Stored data
▼▼▼

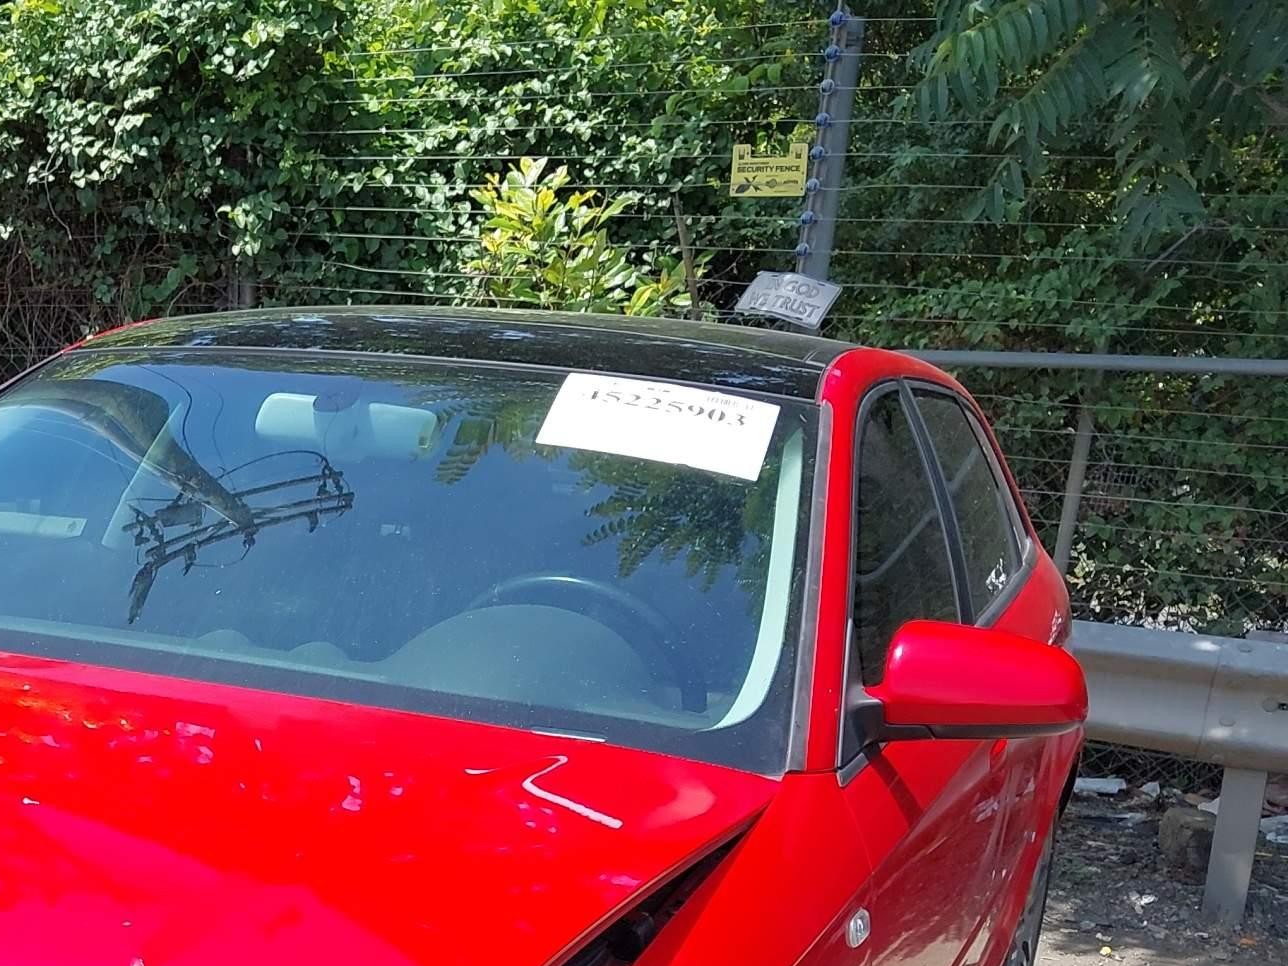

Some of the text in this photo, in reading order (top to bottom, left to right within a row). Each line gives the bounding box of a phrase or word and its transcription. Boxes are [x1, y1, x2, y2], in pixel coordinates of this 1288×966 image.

[737, 165, 801, 174] SECURITY FENCE
[784, 280, 820, 299] GOD
[750, 292, 821, 318] WE TRUST
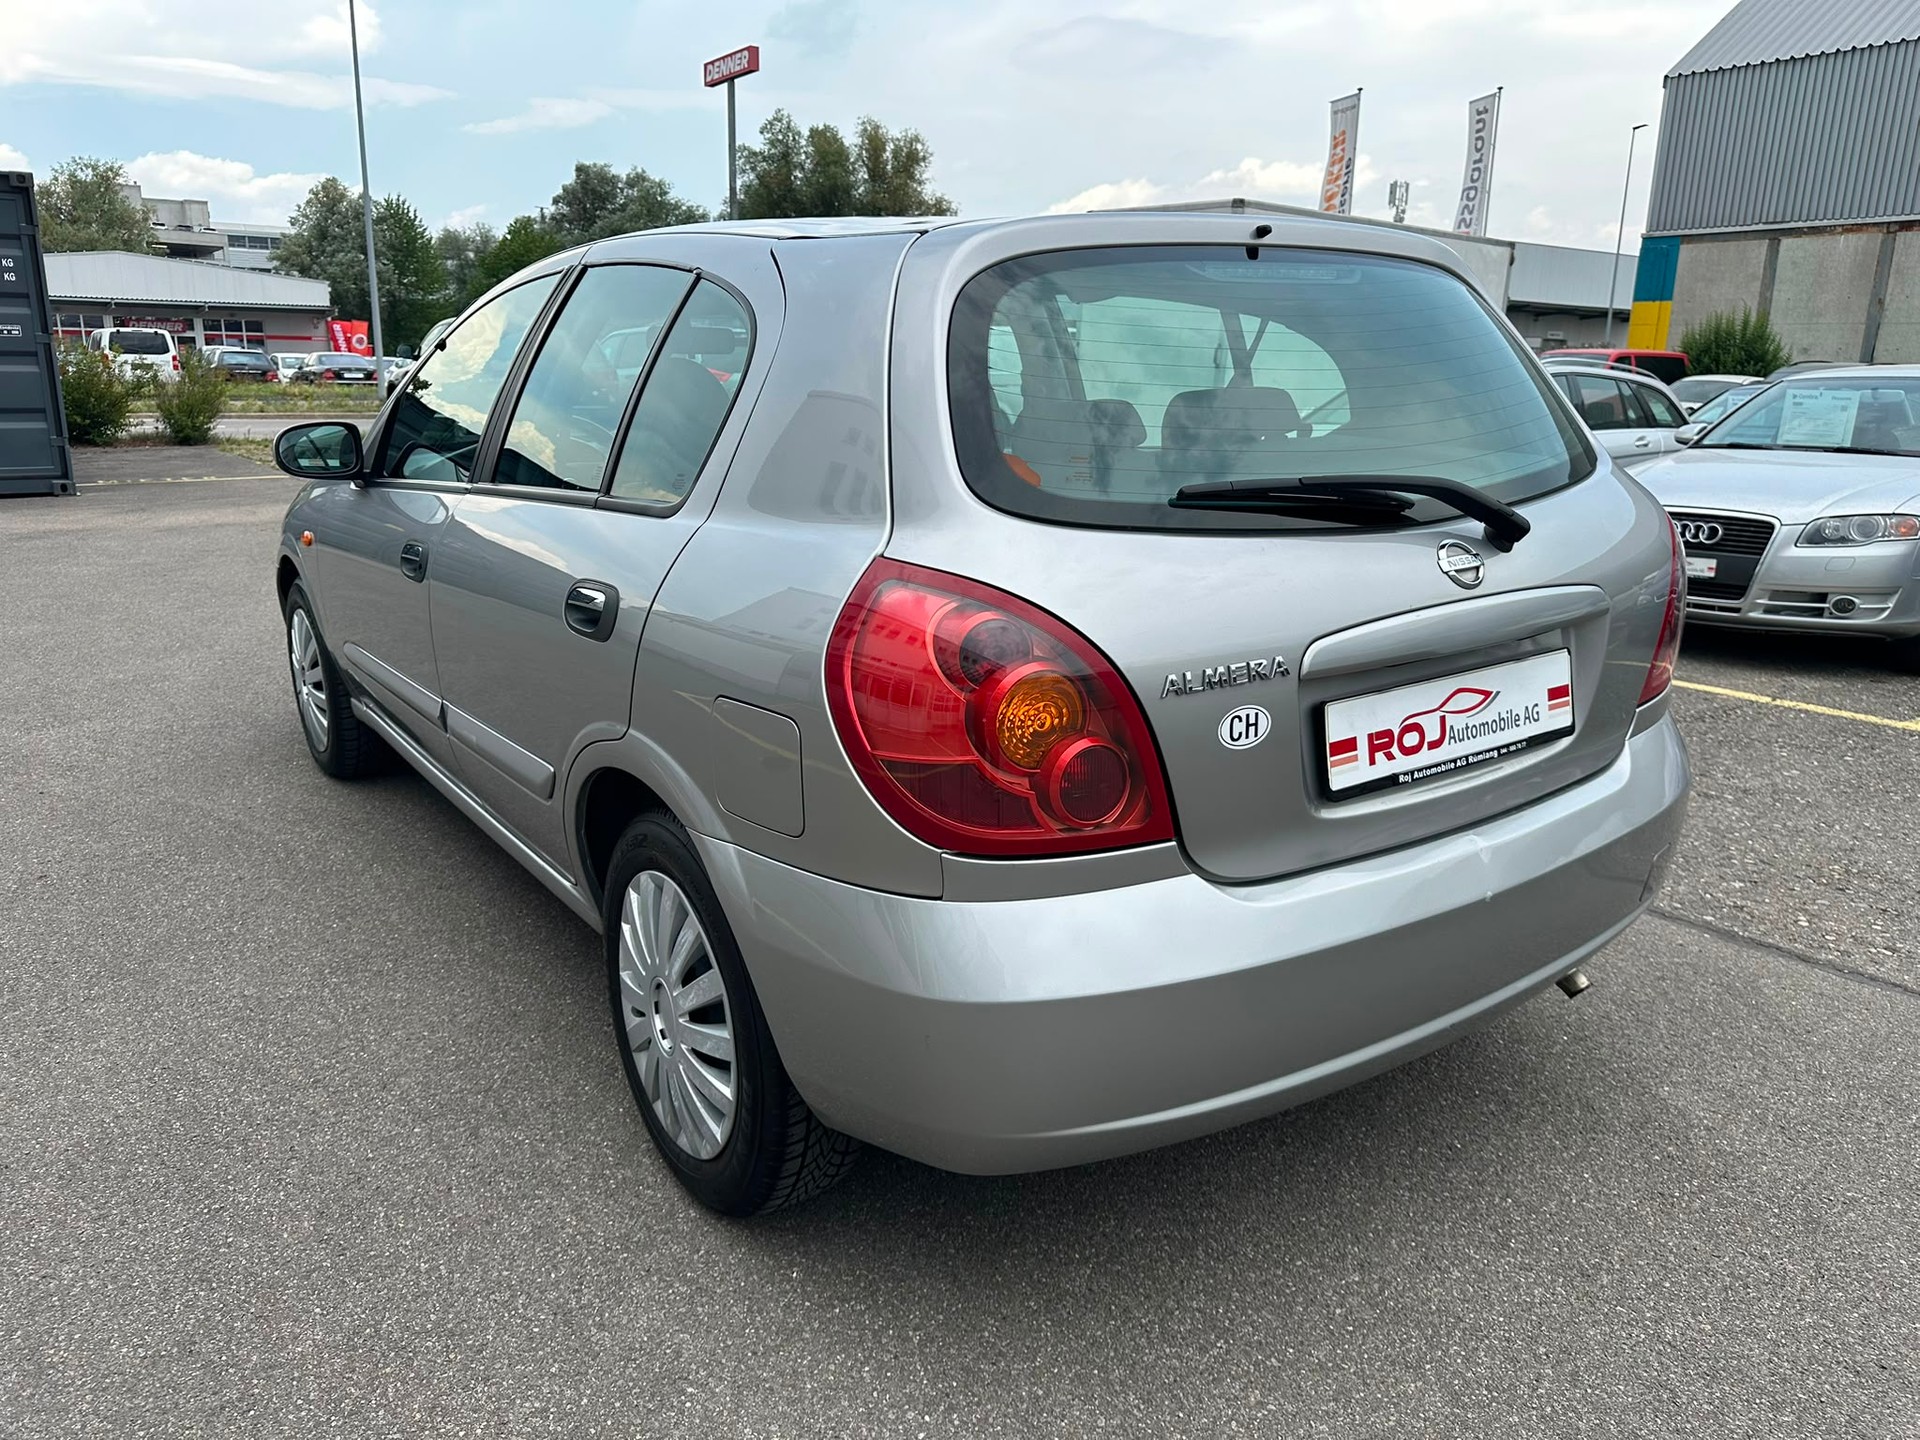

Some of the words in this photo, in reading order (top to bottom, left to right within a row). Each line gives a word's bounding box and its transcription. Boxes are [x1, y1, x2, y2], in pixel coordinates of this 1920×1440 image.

[705, 50, 749, 82] DENNER
[1, 258, 14, 267] KG
[3, 272, 16, 281] KG
[128, 320, 184, 332] DENNER
[1160, 655, 1291, 699] ALMERA
[1229, 711, 1259, 742] CH
[1367, 714, 1447, 767] ROJ
[1448, 709, 1520, 745] Automobile
[1523, 703, 1540, 725] AG
[1398, 773, 1412, 783] Roj
[1413, 762, 1455, 779] Automobile
[1456, 757, 1467, 767] AG

▲▲▲

- _EXERCISE INSTRUCTIONS_
Beginning with the line that contains "Some of the words", each line of the records above through the last one must be printed word for word.

- _RESULT OF THE TASK_
Some of the words in this photo, in reading order (top to bottom, left to right within a row). Each line gives a word's bounding box and its transcription. Boxes are [x1, y1, x2, y2], in pixel coordinates of this 1920×1440 image.

[705, 50, 749, 82] DENNER
[1, 258, 14, 267] KG
[3, 272, 16, 281] KG
[128, 320, 184, 332] DENNER
[1160, 655, 1291, 699] ALMERA
[1229, 711, 1259, 742] CH
[1367, 714, 1447, 767] ROJ
[1448, 709, 1520, 745] Automobile
[1523, 703, 1540, 725] AG
[1398, 773, 1412, 783] Roj
[1413, 762, 1455, 779] Automobile
[1456, 757, 1467, 767] AG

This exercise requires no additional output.